7 dic. 2009

Obama es partidario de usar los fondos del TARP para estimular el empleo

por Tom Braithwaite

Barack Obama, el presidente de EEUU, se prepara para utilizar una parte de los 700.000 millones de dólares (471.000 millones de euros) del programa de compra de activos tóxicos (TARP) para apoyar la creación de empleo, frente a los deseos de economistas y estrategas más conservadores que quieren usar el dinero para pagar la deuda.

Tim Geithner, el secretario del Tesoro, calcula que, para cuando acabe el año, los bancos habrán devuelto cerca de 175.000 millones de dólares. La reserva de dinero aumentó la semana pasada con la devolución de Bank of America de 45.000 millones de dólares; Citigroup se esfuerza en la actualidad por pagar los 20.000 millones de dólares que recibió durante la crisis financiera.
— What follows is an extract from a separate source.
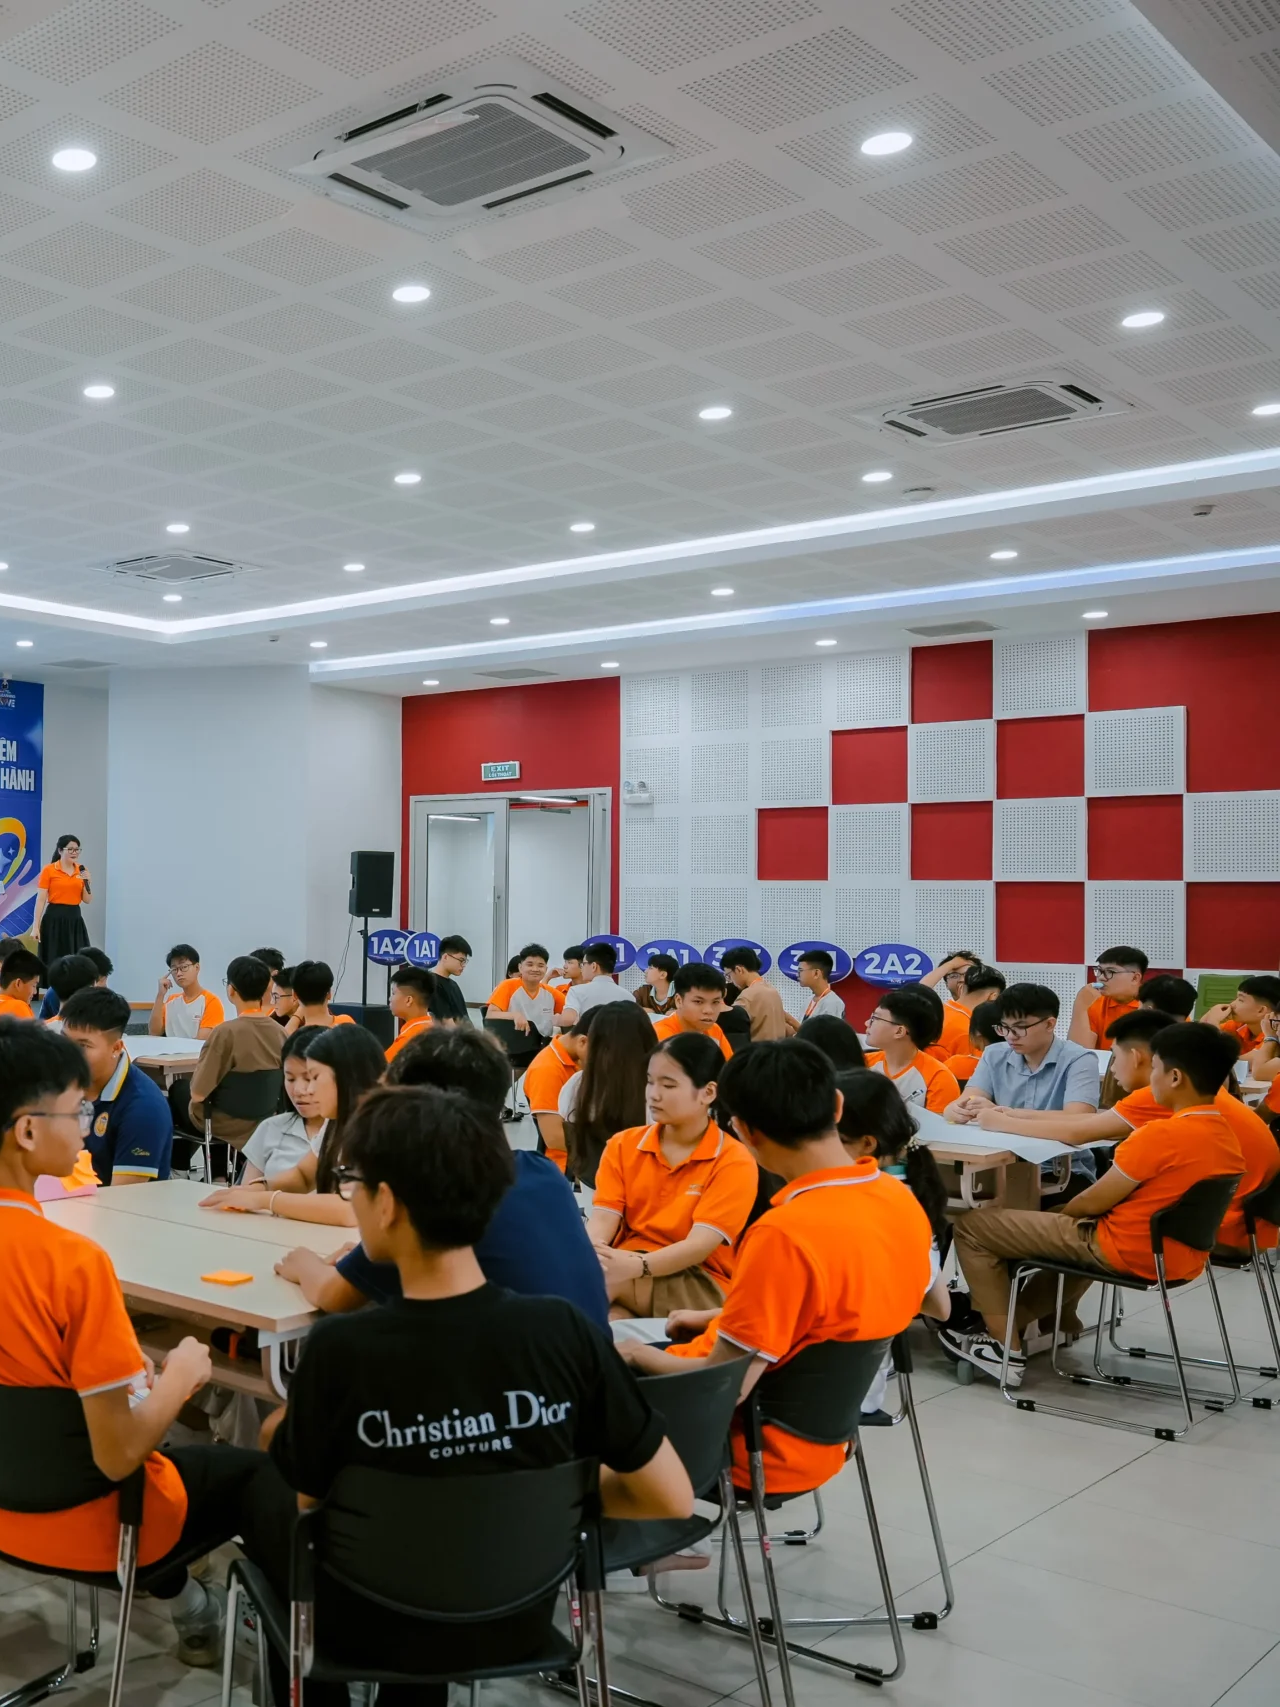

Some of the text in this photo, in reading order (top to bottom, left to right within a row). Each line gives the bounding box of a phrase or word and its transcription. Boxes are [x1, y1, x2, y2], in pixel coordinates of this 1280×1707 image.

El fondo TARP, creado durante la administración de George Bush, estaba diseñado originalmente para adquirir activos tóxicos de los bancos con el objetivo de limpiar sus balances y estimular la concesión de créditos. El programa se desvió de su propósito cuando Hank Paulson, el anterior secretario del Tesoro, decidió invertir los fondos directamente en los bancos.

La administración Obama ha ampliado aún más el propósito original, destinando decenas de miles de millones de dólares al rescate de empresas como General Motors y Chrysler. Pero los demócratas están divididos en la actualidad en torno al uso de los fondos del TARP para intentar reducir la tasa de paro, tal vez mediante desgravaciones dirigidas a estimular nuevas contrataciones o inversiones.

Jon Kyl, el senador republicano por Arizona, dijo en la CNN ayer que podría no oponerse a nuevos programas para favorecer la creación de empleo, pero señaló que el dinero debería proceder del programa de estímulo de 787.000 millones de dólares –y no el TARP–.

“Tomemos parte del dinero que no se ha gastado del programa de estímulo”, sugirió. “Se supone que el dinero del TARP que ha sido devuelto al Tesoro ha de usarse para pagar nuestra deuda”.

Algunas autoridades de la administración respaldan esta opinión y preferirían dar una muestra de disciplina fiscal usando los fondos devueltos para pagar la deuda nacional.

Pero los demócratas liberales presionan para que se implemente otra serie de estímulos, lo que es un indicio de las diferencias en el partido.

El Grupo Negro del Congreso, que representa a los miembros afroamericanos, entorpeció el mes pasado la votación sobre la reforma de la regulación financiera con el objetivo de presionar a la administración para que destine más ayudas federales a sus distritos, ya que algunos de ellos sufren tasas de paro que superan el índice global del país del 10%.

Barney Frank, presidente del comité de servicios financieros de la cámara, está presionando para que se use parte del dinero del TARP para pagar la hipoteca de las personas que han perdido sus empleos. “Estoy bastante convencido de que saldrá adelante”, comentó recientemente.

Geithner también espera que la devolución del dinero antes de lo previsto permita cubrir ambos campos.

“Vamos a explicar que dispondremos de considerables recursos que podremos usar no sólo para hacer frente a las prioridades inmediatas del país estimulando la inversión en la creación de empleo, sino también para cubrir nuestros retos fiscales a largo plazo”, aseguró el viernes.